### DATA TO PROCESS
------

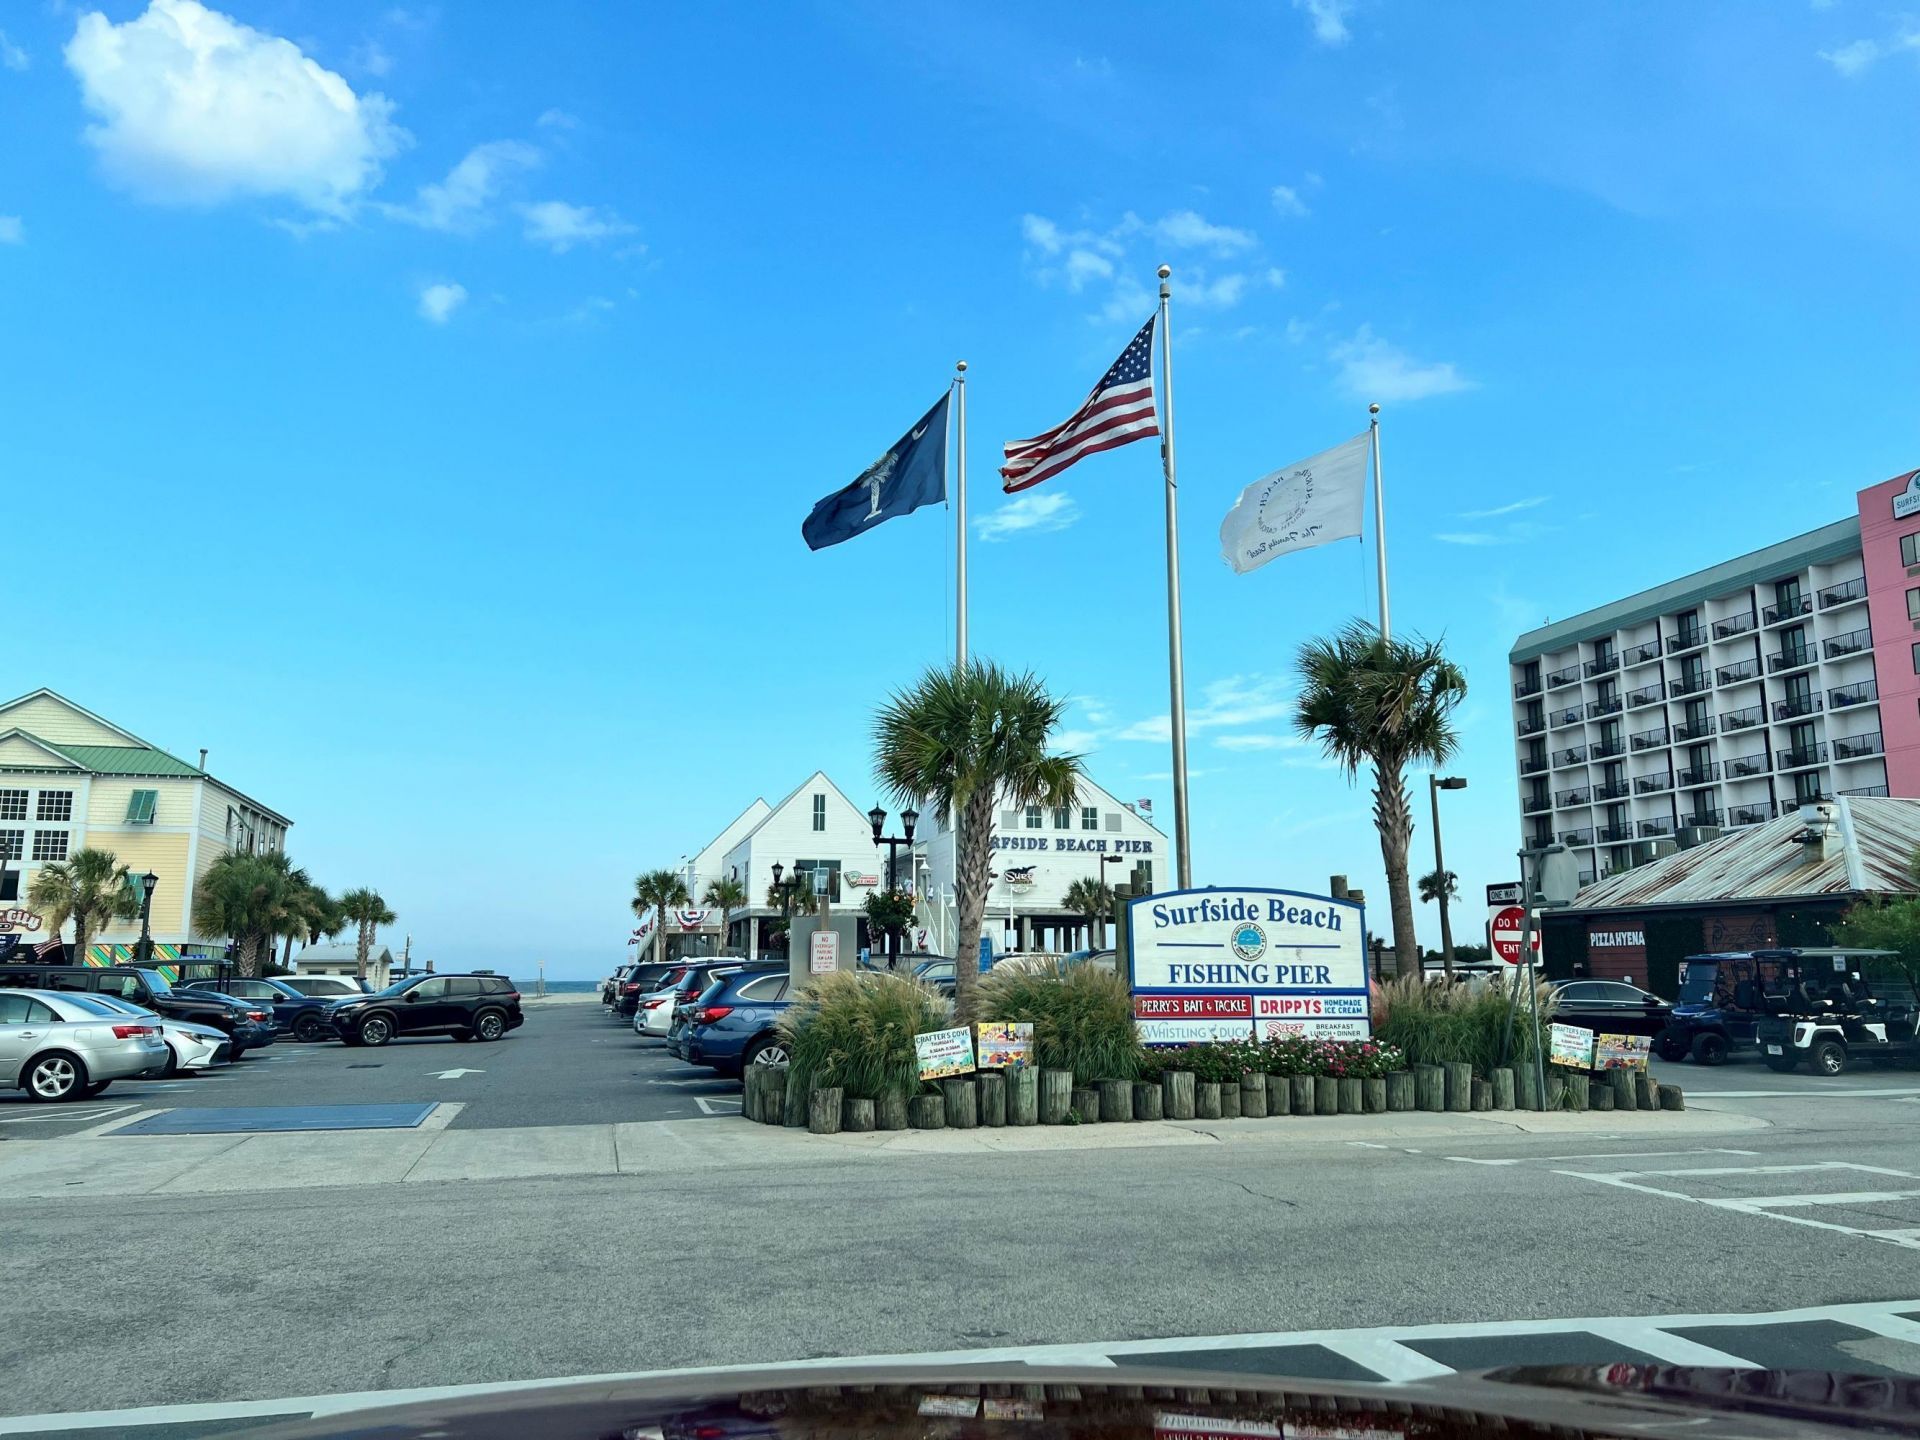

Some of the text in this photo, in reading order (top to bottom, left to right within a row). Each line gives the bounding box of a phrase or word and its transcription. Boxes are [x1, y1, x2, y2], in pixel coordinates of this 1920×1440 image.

[1896, 495, 1920, 509] SURFSI
[990, 836, 1153, 853] RFSIDE BEACH PIER
[1490, 890, 1516, 900] ONE WAY
[1152, 898, 1341, 931] Surfside Beach
[1498, 918, 1510, 927] DO
[1503, 944, 1521, 954] ENT
[1168, 964, 1332, 984] FISHING PIER
[1142, 1000, 1247, 1012] PERRY'S BAIT & TACKLE
[1260, 999, 1322, 1014] DRIPPY'S
[952, 1030, 969, 1038] COVE
[1220, 1027, 1248, 1038] DUCK
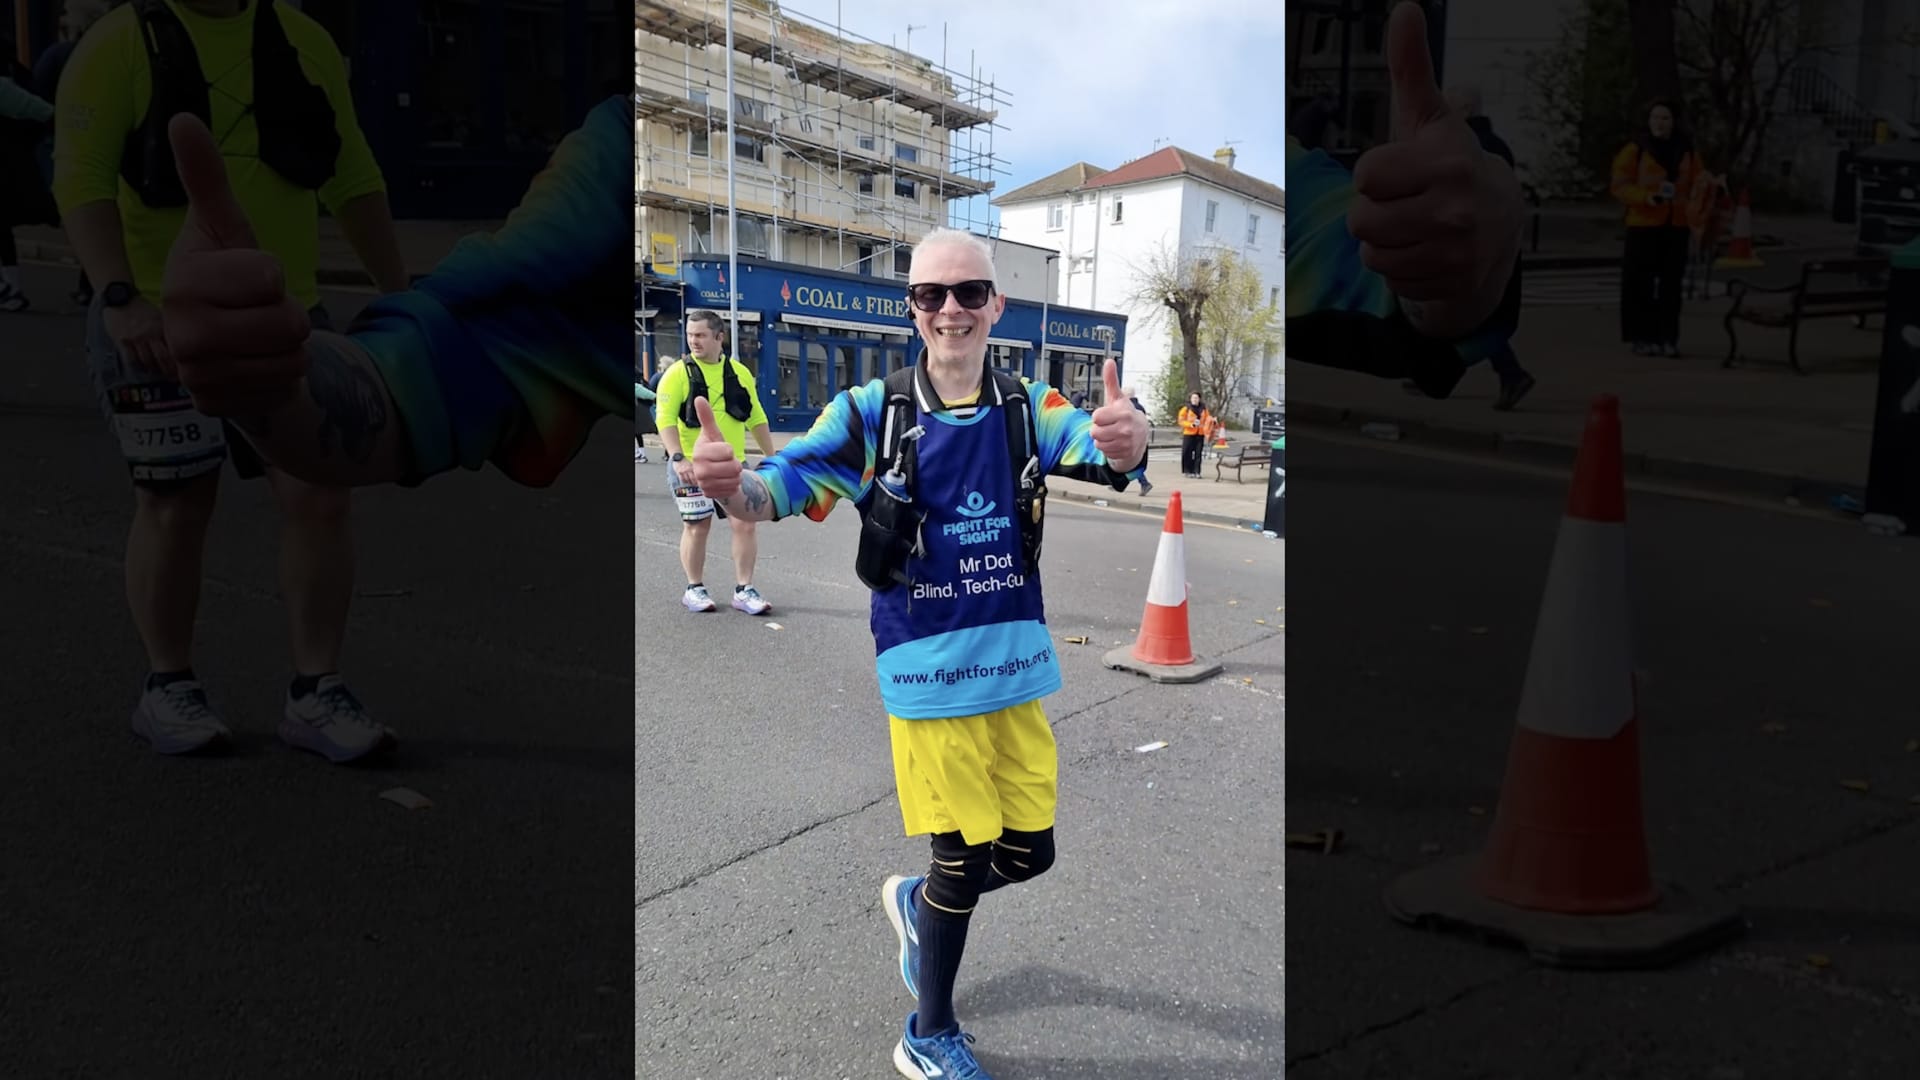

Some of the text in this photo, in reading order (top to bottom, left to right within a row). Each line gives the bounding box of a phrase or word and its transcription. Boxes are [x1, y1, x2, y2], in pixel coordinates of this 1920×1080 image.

[701, 290, 720, 298] COAL
[796, 286, 906, 318] COAL & FIRE
[1049, 321, 1080, 339] COAL
[1082, 327, 1089, 338] &
[943, 516, 1011, 536] FIGHT FOR
[959, 529, 1000, 545] SIGHT
[960, 553, 1013, 574] Mr Dot
[913, 582, 958, 599] Blind,

------

### PROBLEM REQUIREMENTS
Could you print the listing above word for word, without its pictures?

### RESULT FOR THIS EXERCISE
Some of the text in this photo, in reading order (top to bottom, left to right within a row). Each line gives the bounding box of a phrase or word and its transcription. Boxes are [x1, y1, x2, y2], in pixel coordinates of this 1920×1440 image.

[1896, 495, 1920, 509] SURFSI
[990, 836, 1153, 853] RFSIDE BEACH PIER
[1490, 890, 1516, 900] ONE WAY
[1152, 898, 1341, 931] Surfside Beach
[1498, 918, 1510, 927] DO
[1503, 944, 1521, 954] ENT
[1168, 964, 1332, 984] FISHING PIER
[1142, 1000, 1247, 1012] PERRY'S BAIT & TACKLE
[1260, 999, 1322, 1014] DRIPPY'S
[952, 1030, 969, 1038] COVE
[1220, 1027, 1248, 1038] DUCK

Some of the text in this photo, in reading order (top to bottom, left to right within a row). Each line gives the bounding box of a phrase or word and its transcription. Boxes are [x1, y1, x2, y2], in pixel coordinates of this 1920×1080 image.

[701, 290, 720, 298] COAL
[796, 286, 906, 318] COAL & FIRE
[1049, 321, 1080, 339] COAL
[1082, 327, 1089, 338] &
[943, 516, 1011, 536] FIGHT FOR
[959, 529, 1000, 545] SIGHT
[960, 553, 1013, 574] Mr Dot
[913, 582, 958, 599] Blind,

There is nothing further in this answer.